PROBLEM DESCRIPTION
Only those lines from the one with "Some of the text" through the last line of the material below should be output, each exactly as it appears.
_ _ _ _ _
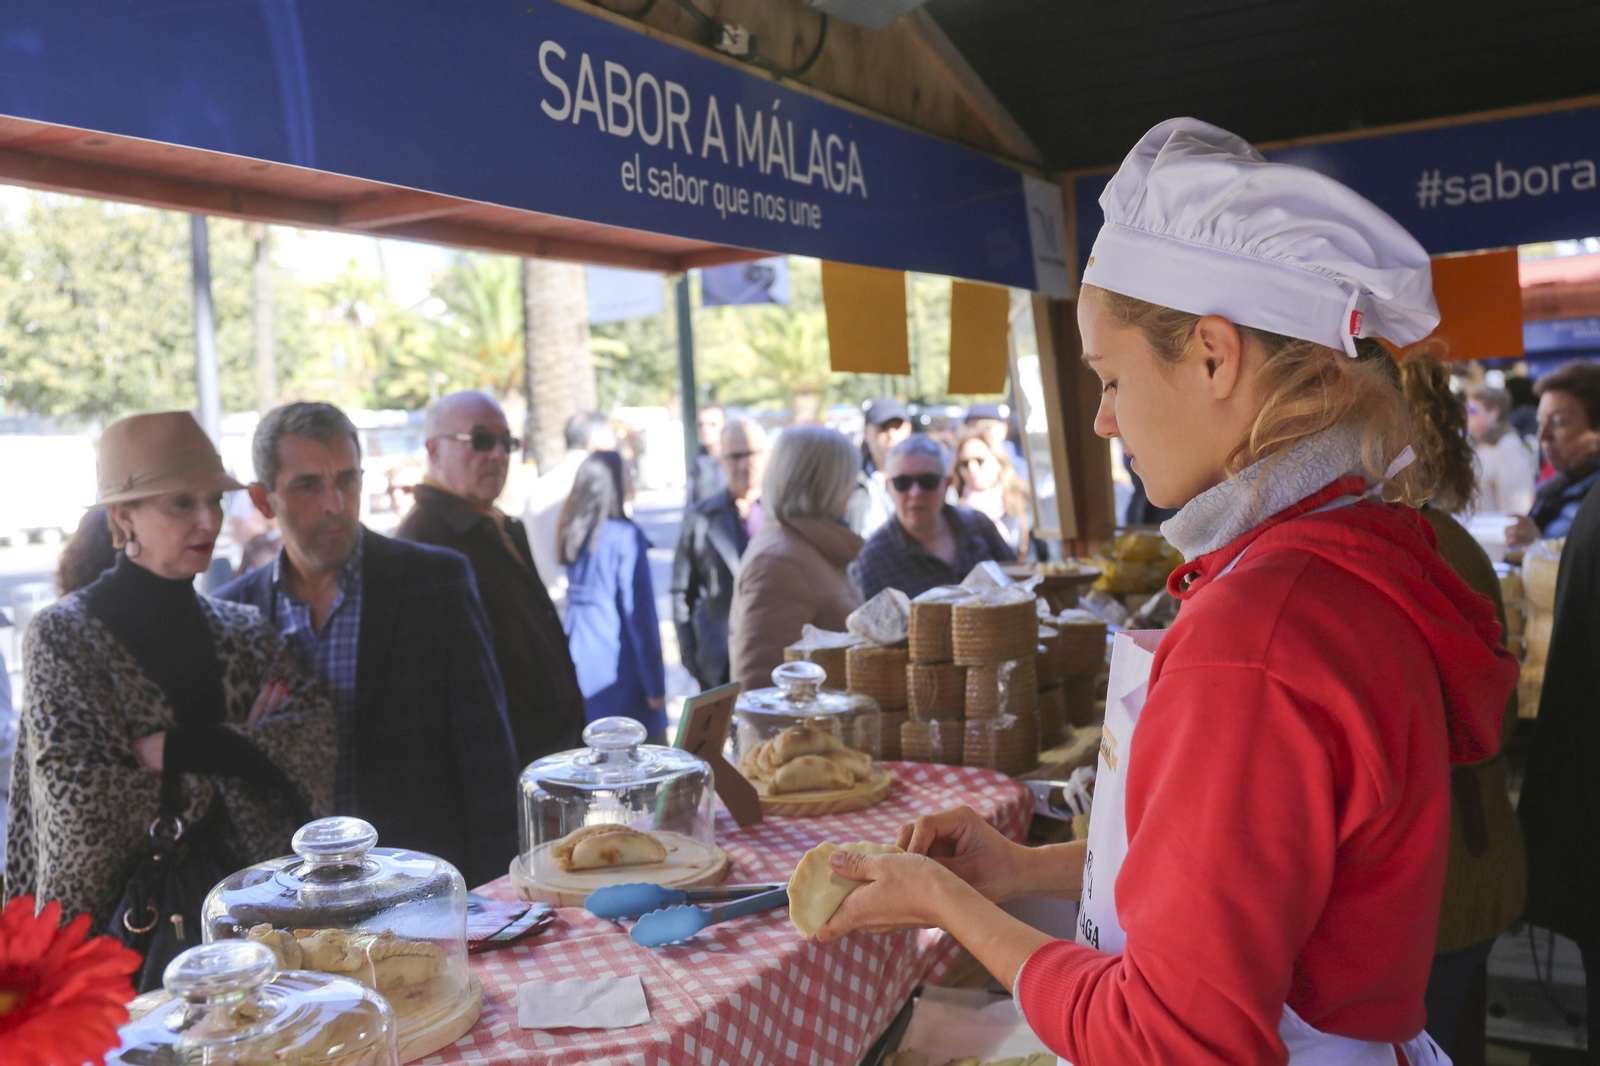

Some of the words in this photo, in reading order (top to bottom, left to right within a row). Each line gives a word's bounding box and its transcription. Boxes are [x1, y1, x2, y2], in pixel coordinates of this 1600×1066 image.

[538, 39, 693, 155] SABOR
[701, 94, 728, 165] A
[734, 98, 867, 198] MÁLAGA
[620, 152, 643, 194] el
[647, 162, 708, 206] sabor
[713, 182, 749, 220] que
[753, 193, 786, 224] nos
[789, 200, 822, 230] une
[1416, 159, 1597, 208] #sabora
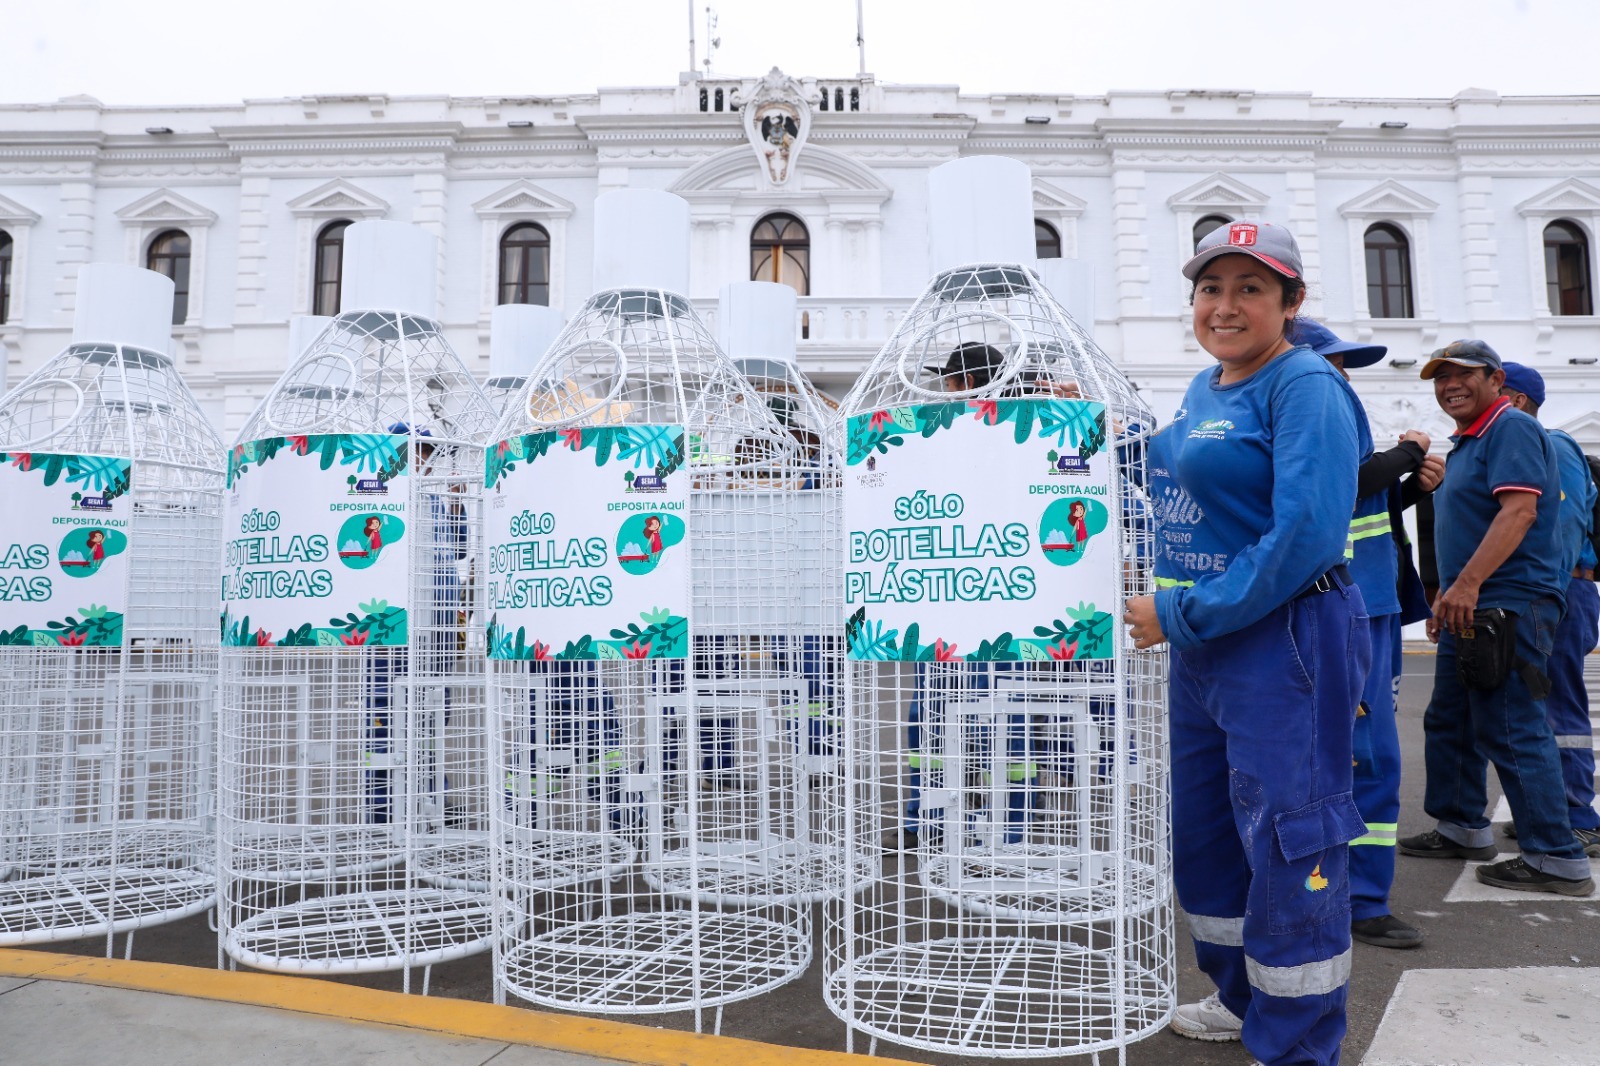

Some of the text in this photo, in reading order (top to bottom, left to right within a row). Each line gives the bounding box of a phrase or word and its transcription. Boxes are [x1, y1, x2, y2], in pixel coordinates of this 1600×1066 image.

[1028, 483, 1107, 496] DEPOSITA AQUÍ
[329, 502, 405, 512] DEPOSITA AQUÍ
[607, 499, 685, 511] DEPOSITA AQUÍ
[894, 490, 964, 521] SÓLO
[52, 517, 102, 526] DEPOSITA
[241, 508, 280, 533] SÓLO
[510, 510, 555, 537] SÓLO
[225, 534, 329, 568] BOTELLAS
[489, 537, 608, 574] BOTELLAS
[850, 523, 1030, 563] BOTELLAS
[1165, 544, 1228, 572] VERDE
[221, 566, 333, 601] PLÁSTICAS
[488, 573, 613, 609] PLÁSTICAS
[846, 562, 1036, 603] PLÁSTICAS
_ _ _ _ _
ANSWER SPACE
Some of the text in this photo, in reading order (top to bottom, left to right within a row). Each line gives the bounding box of a phrase or word and its transcription. Boxes are [x1, y1, x2, y2], in pixel coordinates of this 1600×1066 image.

[1028, 483, 1107, 496] DEPOSITA AQUÍ
[329, 502, 405, 512] DEPOSITA AQUÍ
[607, 499, 685, 511] DEPOSITA AQUÍ
[894, 490, 964, 521] SÓLO
[52, 517, 102, 526] DEPOSITA
[241, 508, 280, 533] SÓLO
[510, 510, 555, 537] SÓLO
[225, 534, 329, 568] BOTELLAS
[489, 537, 608, 574] BOTELLAS
[850, 523, 1030, 563] BOTELLAS
[1165, 544, 1228, 572] VERDE
[221, 566, 333, 601] PLÁSTICAS
[488, 573, 613, 609] PLÁSTICAS
[846, 562, 1036, 603] PLÁSTICAS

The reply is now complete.